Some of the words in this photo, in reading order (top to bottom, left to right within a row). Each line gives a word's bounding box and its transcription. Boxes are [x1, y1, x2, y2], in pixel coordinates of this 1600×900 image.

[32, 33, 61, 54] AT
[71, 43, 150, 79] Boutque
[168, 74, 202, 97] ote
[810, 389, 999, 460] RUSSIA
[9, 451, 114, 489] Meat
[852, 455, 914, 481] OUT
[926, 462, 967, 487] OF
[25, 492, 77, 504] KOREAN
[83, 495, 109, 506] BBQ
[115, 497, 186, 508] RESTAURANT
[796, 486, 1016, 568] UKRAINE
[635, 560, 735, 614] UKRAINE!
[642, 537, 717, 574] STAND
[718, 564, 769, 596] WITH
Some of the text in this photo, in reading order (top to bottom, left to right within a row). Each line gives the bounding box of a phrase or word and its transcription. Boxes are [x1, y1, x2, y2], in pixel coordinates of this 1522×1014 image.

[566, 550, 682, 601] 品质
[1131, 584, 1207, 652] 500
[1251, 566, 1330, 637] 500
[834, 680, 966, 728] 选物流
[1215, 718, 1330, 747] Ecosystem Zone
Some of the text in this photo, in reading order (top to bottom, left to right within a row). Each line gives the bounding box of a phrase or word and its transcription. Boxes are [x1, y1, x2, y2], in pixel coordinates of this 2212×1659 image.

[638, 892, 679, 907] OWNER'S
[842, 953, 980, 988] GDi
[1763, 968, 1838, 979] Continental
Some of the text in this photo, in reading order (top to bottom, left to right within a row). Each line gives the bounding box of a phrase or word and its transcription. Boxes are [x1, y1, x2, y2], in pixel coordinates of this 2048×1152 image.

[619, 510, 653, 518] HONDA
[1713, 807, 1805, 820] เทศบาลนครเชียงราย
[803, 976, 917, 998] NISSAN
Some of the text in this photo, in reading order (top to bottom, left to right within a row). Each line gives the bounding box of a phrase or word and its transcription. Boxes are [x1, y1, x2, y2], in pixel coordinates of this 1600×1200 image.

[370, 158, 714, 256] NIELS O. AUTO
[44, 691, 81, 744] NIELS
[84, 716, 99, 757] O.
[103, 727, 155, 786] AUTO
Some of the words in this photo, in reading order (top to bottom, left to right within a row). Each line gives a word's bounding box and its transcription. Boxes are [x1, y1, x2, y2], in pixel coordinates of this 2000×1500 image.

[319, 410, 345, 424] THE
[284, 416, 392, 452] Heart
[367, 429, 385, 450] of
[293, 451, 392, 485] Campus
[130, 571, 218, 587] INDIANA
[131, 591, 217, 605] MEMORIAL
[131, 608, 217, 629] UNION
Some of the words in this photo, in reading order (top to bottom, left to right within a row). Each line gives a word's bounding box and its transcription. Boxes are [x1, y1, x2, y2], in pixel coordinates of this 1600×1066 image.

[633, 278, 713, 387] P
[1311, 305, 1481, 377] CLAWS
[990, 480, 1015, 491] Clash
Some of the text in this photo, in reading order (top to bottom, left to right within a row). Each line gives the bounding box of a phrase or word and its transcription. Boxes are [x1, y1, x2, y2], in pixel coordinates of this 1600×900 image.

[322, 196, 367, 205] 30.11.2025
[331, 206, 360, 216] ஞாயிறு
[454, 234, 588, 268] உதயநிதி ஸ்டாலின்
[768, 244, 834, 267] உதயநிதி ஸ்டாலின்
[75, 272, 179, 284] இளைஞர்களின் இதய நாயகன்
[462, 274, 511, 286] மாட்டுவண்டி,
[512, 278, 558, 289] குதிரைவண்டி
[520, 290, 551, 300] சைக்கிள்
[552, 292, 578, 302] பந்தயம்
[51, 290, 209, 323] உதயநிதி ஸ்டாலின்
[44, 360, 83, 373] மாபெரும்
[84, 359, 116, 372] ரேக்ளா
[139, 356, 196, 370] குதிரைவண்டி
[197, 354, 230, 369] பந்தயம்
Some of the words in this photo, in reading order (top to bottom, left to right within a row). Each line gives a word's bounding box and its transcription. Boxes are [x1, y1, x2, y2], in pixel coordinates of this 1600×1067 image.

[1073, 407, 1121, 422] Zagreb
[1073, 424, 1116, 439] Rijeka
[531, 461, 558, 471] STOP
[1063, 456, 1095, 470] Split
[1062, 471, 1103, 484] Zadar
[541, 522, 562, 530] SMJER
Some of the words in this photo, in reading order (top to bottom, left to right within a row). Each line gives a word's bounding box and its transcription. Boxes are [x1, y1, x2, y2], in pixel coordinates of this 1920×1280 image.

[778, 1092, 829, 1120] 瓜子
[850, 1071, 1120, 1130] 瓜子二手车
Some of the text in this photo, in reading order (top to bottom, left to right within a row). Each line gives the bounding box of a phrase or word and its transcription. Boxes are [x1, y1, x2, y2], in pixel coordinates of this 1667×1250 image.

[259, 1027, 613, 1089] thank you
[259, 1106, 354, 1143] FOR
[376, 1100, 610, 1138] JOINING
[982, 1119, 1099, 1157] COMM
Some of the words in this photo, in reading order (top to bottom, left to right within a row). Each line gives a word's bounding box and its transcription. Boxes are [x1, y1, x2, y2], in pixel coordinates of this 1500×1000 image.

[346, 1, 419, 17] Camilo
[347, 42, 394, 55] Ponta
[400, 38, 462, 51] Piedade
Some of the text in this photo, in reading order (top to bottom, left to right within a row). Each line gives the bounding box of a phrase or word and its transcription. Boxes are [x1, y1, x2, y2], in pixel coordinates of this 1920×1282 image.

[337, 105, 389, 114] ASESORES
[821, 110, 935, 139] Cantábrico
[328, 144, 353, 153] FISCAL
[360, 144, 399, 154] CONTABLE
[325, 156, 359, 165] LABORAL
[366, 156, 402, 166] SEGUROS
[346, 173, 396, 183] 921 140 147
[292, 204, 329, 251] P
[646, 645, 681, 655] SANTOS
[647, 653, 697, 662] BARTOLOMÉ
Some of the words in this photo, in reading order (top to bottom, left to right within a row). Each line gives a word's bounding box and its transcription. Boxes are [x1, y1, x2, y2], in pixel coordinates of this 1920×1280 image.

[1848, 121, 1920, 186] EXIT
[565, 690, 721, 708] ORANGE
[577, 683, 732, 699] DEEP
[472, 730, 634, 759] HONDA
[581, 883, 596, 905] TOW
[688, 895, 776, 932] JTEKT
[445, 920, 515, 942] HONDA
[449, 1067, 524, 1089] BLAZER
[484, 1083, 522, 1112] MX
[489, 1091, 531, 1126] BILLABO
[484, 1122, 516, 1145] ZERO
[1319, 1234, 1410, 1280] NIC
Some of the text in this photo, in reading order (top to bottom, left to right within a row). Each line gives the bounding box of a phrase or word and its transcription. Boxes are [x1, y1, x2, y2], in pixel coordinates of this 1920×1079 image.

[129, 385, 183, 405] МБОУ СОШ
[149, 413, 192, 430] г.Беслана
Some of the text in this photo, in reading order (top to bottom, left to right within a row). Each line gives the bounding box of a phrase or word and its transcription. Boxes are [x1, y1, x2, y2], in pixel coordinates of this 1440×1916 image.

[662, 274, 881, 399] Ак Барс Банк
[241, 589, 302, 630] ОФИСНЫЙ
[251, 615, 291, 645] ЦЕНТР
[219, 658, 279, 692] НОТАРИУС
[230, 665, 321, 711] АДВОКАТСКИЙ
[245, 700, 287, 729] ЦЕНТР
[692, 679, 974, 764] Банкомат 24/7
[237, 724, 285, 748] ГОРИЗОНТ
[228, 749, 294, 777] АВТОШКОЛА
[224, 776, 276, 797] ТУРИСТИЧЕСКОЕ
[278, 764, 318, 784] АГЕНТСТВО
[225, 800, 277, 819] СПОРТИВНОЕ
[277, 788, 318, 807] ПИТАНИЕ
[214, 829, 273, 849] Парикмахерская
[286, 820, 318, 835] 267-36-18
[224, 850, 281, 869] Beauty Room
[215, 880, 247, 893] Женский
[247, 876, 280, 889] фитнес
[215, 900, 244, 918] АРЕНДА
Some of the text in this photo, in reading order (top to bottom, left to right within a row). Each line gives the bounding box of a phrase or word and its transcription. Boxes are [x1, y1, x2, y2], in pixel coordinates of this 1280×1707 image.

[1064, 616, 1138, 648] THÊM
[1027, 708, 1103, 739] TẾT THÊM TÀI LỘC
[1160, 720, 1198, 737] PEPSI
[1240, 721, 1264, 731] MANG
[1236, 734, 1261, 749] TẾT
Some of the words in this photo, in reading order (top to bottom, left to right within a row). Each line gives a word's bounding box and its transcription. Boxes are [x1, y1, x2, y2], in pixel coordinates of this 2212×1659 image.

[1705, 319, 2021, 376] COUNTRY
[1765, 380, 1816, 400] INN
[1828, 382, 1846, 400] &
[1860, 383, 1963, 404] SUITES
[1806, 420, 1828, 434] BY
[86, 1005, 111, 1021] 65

### [Work required]
Begin with the line that contains "this 1280×1707 image." and end with the last line of the data. Repeat those two lines and all between them exactly.

### [Answer to this task]
Some of the text in this photo, in reading order (top to bottom, left to right within a row). Each line gives the bounding box of a phrase or word and its transcription. Boxes are [x1, y1, x2, y2], in pixel coordinates of this 1280×1707 image.

[1064, 616, 1138, 648] THÊM
[1027, 708, 1103, 739] TẾT THÊM TÀI LỘC
[1160, 720, 1198, 737] PEPSI
[1240, 721, 1264, 731] MANG
[1236, 734, 1261, 749] TẾT
Some of the words in this photo, in reading order (top to bottom, left to right within a row). Each line gives a word's bounding box and its transcription. Boxes are [x1, y1, x2, y2], in pixel coordinates of this 2212×1659 image.

[1705, 319, 2021, 376] COUNTRY
[1765, 380, 1816, 400] INN
[1828, 382, 1846, 400] &
[1860, 383, 1963, 404] SUITES
[1806, 420, 1828, 434] BY
[86, 1005, 111, 1021] 65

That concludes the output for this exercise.